Atomic Energy has got a definite and decisive role to perform in the Indian Power Generation and supply sector. Being a developing country, a major share of India's overall electricity requirements has to be from non conventional sources as the conventional sources has got limitations to meet the galloping needs. India has achieved self-sufficiency in the Nuclear Science and Technology thanks to the pioneering efforts initiated by Dr. Homi Bhabha who visualized the Indian Nuclear Program and since then meticulously carried on by the dedicated scientists and engineers of DAE family.
An adequate and uninterrupted power generation is an intrinsic essentiality for the overall development of any nation.
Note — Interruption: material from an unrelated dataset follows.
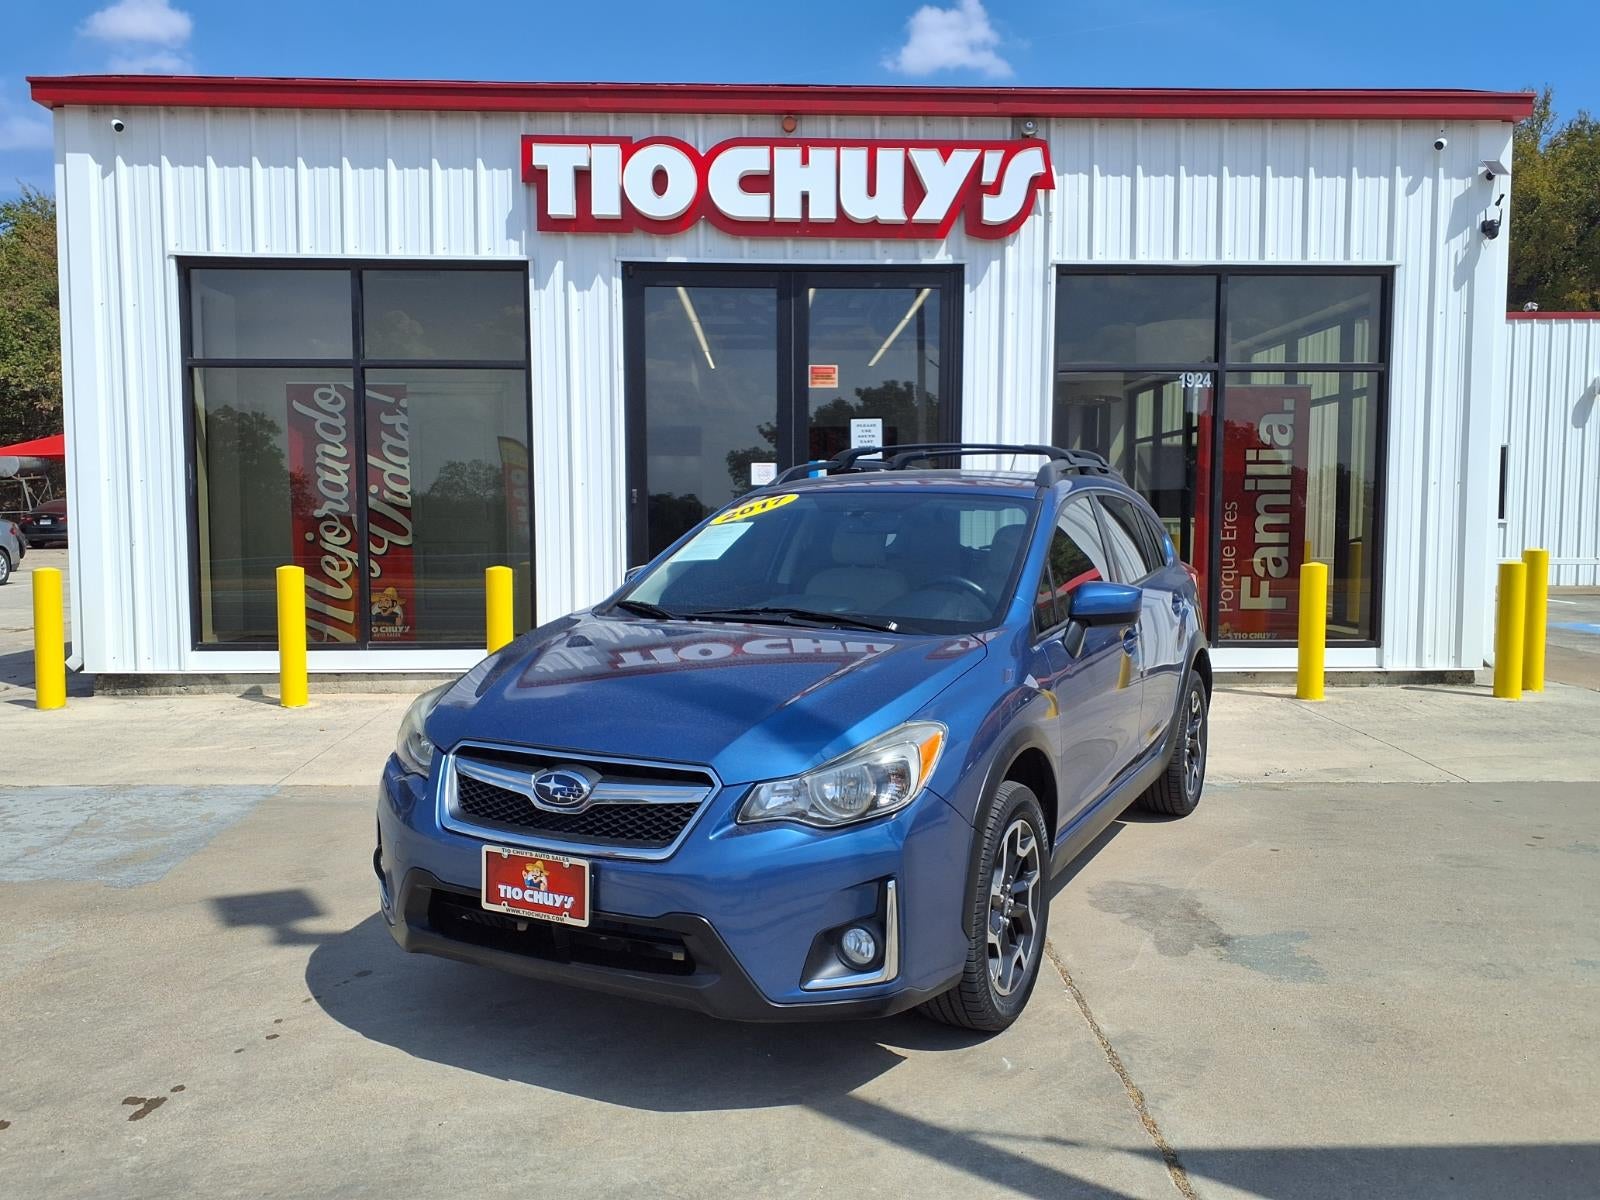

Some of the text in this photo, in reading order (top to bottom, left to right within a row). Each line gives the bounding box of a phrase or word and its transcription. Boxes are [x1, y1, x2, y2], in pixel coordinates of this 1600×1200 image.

In quantitative terms, the per capita consumption of electric energy is regarded as an indicative parameter of the socio economic growth rate of a nation.
The major contribution to India’s power production programme comes from
- Coal based thermal power stations (105,437 MW in 2012, ~ 55.3% of total power output)(www.powermin.nic.in)
- Hydroelectric power generation (38,848 Mw in 2012, ~ 20.38 % of total Power Output)
- Nuclear power generation (4,780 Mw, ~2.5% of total Power Output)
- Non - conventional sources ( wind, tidal etc.)(22,233 MW, ~ 11.6% of total Power Output)
Per capita power consumption in India is around 600 Kwh/yr, which is much below the world average consumption of 2430 Kwh/yr.
Thus, massive increase in the power generation to match the world average consumption is needed in the coming years to enhance the overall national growth rate.
The estimated coal deposits in India is ~ 270 billion tonnes (~8% of the world coal reserves) (Ref: Clean Coal Technology: m.Goel, Energy India 2020 pp133) and the distribution of conventional energy sources in India is 69% coal, 14% hydro, 10% natural gas, 4% oil, 2% nuclear, and 1% renewables (solar, wind, biofuels, waste, etc).
Our conventional resources are far from being adequate to achieve any ambitious target in terms of power generation. With the depleting coal deposits and the limited potential of hydel power, the nations future requirements of power could be met by tapping nuclear and other non - conventional resources. There is a lot of potential in non-conventional sources and this must be harnessed.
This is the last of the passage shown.